# Apple grinders for cider making?



## pybyr (Aug 25, 2009)

A friend has an antique cider press that's the focal point of a lot of grinding and pressing that usually nets  50+ gallons.  The "press" part of the equipment works OK, but the grinder doesn't grind well and is exhausting to those who have crank.

The "electric garbage grinder" approach (with stainless blades and chamber) might be an option, although I've heard that large apples must be sliced first, which seems like it'd be slow and klutzy.

Anyone have any suggested designs. technologies, (or links) to help get me started?  I've seen the designs with a cylinder of hardwood with stainless screws as shredding blades, but I am hoping for something quicker to make and quicker to use.

Thanks


----------



## timfromohio (Aug 25, 2009)

I plan on building the "Whizbang Cider Press" based on plans/book by Herrick Kimball.  It seems like a neat system and I think he is a top-notch guy.  According to his plans/instructions, you do need to chop up the apples prior to putting them into the garbage disposal based grinder, but it looks like the mash coming out is much finer than out of a conventional grinder which in turn increases cider yields.  

http://www.whizbangcider.com/


----------



## pybyr (Aug 25, 2009)

Thanks Tim-- his approach does look like a valid one- although I'd be especially glad to find something that does not require chopping of the apples before grinding-- with the quantity of apples that everyone gathers and presses with my friend (all in one afternoon) chopping would become a huge task unto itself.

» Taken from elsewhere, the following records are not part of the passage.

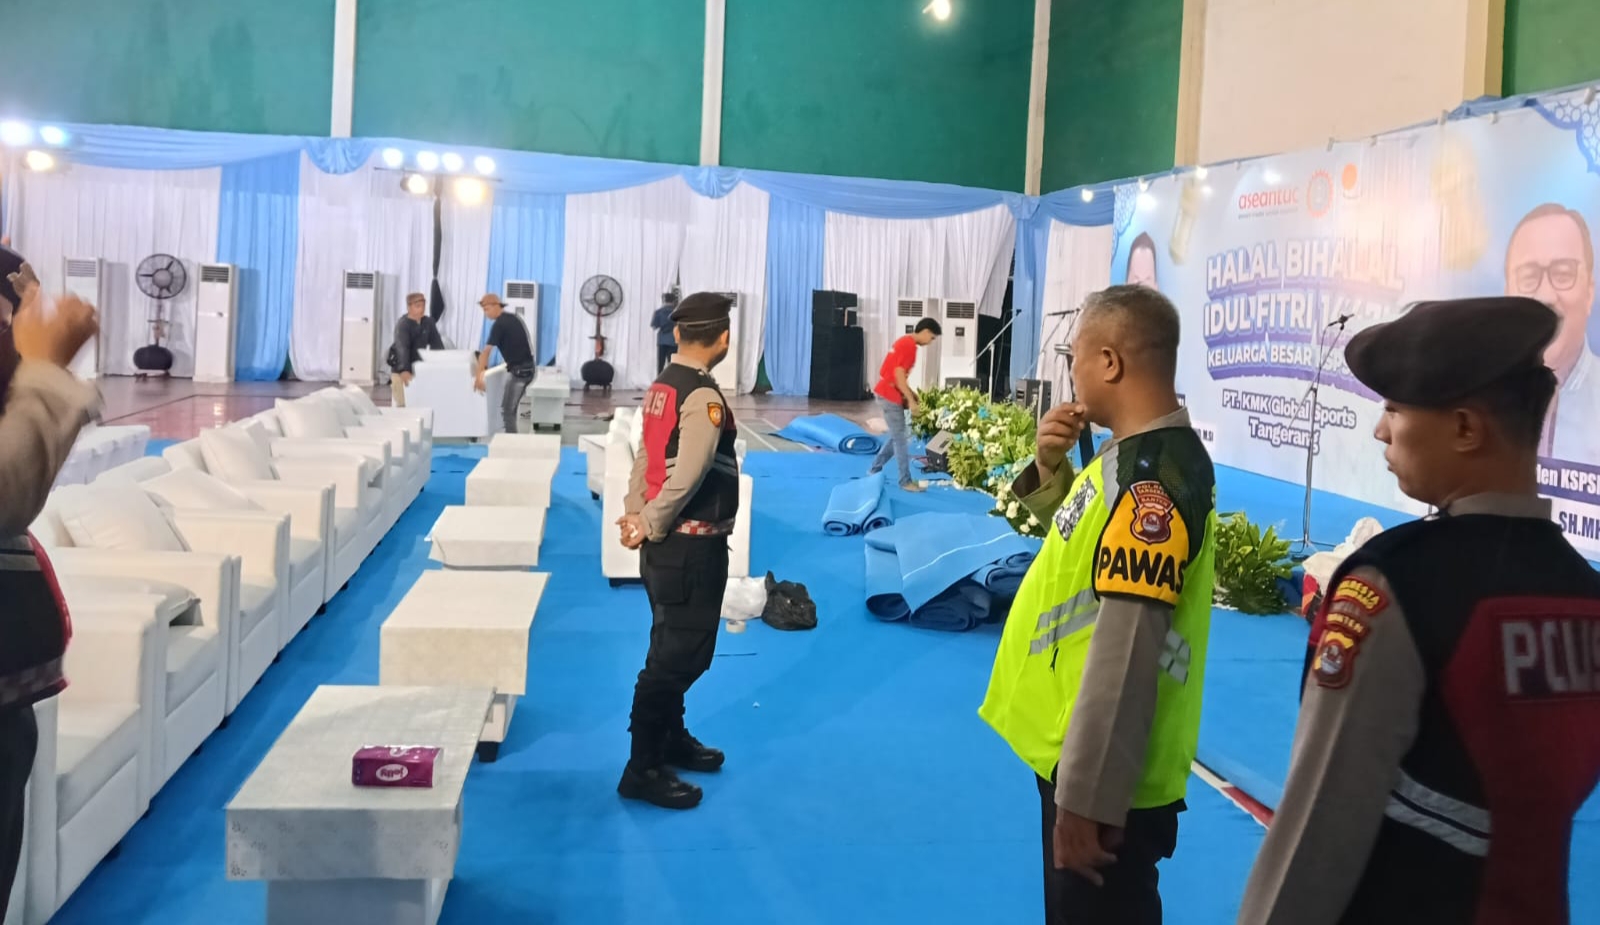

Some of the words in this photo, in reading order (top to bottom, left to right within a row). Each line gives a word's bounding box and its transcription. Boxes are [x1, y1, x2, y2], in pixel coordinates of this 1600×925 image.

[1207, 241, 1280, 291] HALAL
[1205, 296, 1252, 337] IDUL
[1257, 292, 1312, 329] FITRI
[1208, 344, 1268, 368] KELUARGA
[1270, 343, 1312, 365] BESAR
[1222, 388, 1241, 407] PT.
[1241, 392, 1269, 413] KMK
[1272, 397, 1310, 421] Global
[1315, 403, 1357, 428] Sports
[1249, 418, 1320, 454] Tangerang
[1097, 546, 1187, 594] PAWAS
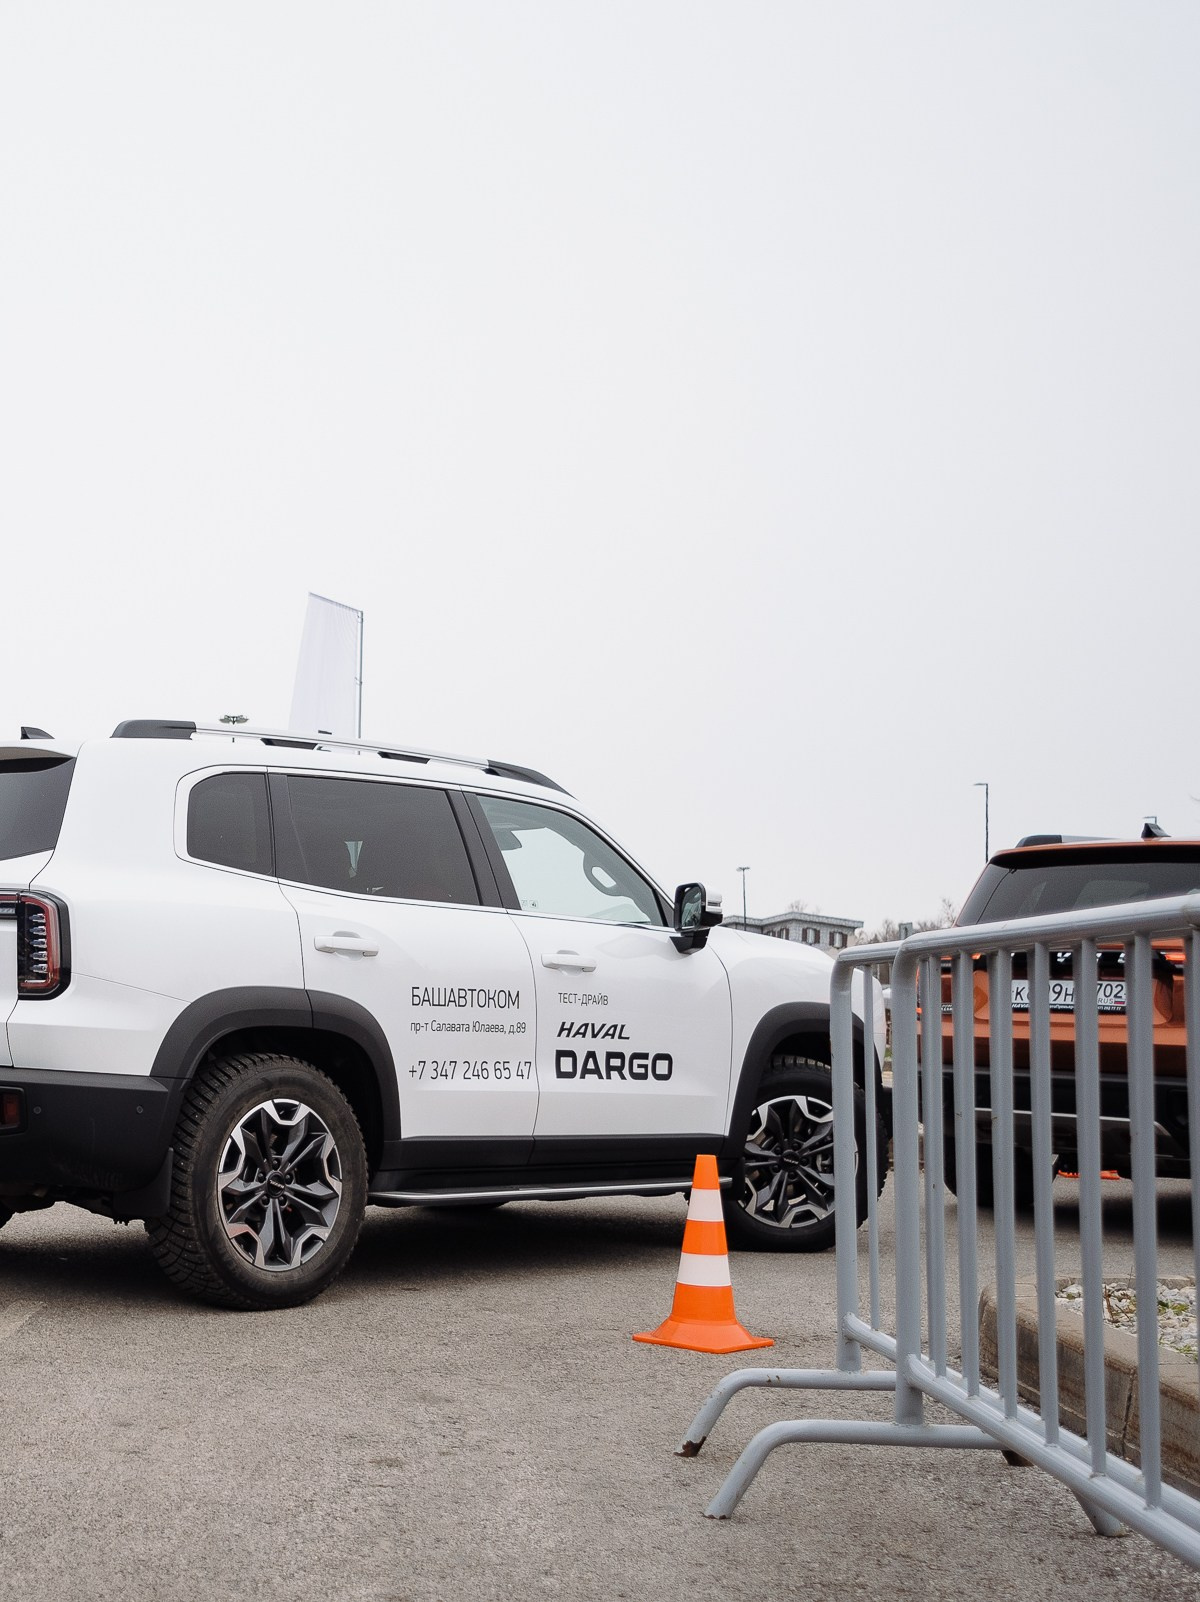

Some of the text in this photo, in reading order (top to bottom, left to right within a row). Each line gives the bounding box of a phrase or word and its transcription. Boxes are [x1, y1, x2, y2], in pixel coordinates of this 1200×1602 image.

[411, 986, 520, 1009] БАШАВТОКОМ
[558, 992, 609, 1006] ТЕСТ-ДРАЙВ
[410, 1020, 527, 1035] пр-т Салавата Юлаева, д.89
[556, 1021, 631, 1041] HAVAL
[408, 1060, 532, 1080] +7 347 246 65 47
[555, 1049, 673, 1081] DARGO

From what I understand, the main factor that causes the need for chopping for the disposal is the size of the opening-- anyone know if there are any disposal types that can be modified to have a top opening that is larger than a sink drain?


----------



## TMonter (Aug 25, 2009)

I'll post a picture of the hand crank grinder on my press later today. It works very well and we usually get 20 gallons a year out of the press.


----------



## Ncountry (Aug 25, 2009)

My father in-law built one of the crudest looking yet efficient cider mill I have seen. It is 90% built out of wood. with a metal plate for a large 1"threaded rod with a T handle and flat plate on bottom to squeeze the ground apples. Up top is a tapered chute with an 8" long x 4" diameter hardwood round (right out of the wood pile) with 100s of screws  on a metal shaft run by small electric motor . The only thing I would change would be to power the long threaded rod or plunger with an electric motor with a simple belt tension clutch.


----------



## Jags (Aug 25, 2009)

Many of the grinders actually had a v groove pulley built in for an electric motor and belt.  If not, would it be possible to retrofit one and use an electric motor (something I always have 3 or 4 of laying around) to run the grinder??


----------



## pybyr (Aug 25, 2009)

Jags said:
			
		

> Many of the grinders actually had a v groove pulley built in for an electric motor and belt.  If not, would it be possible to retrofit one and use an electric motor (something I always have 3 or 4 of laying around) to run the grinder??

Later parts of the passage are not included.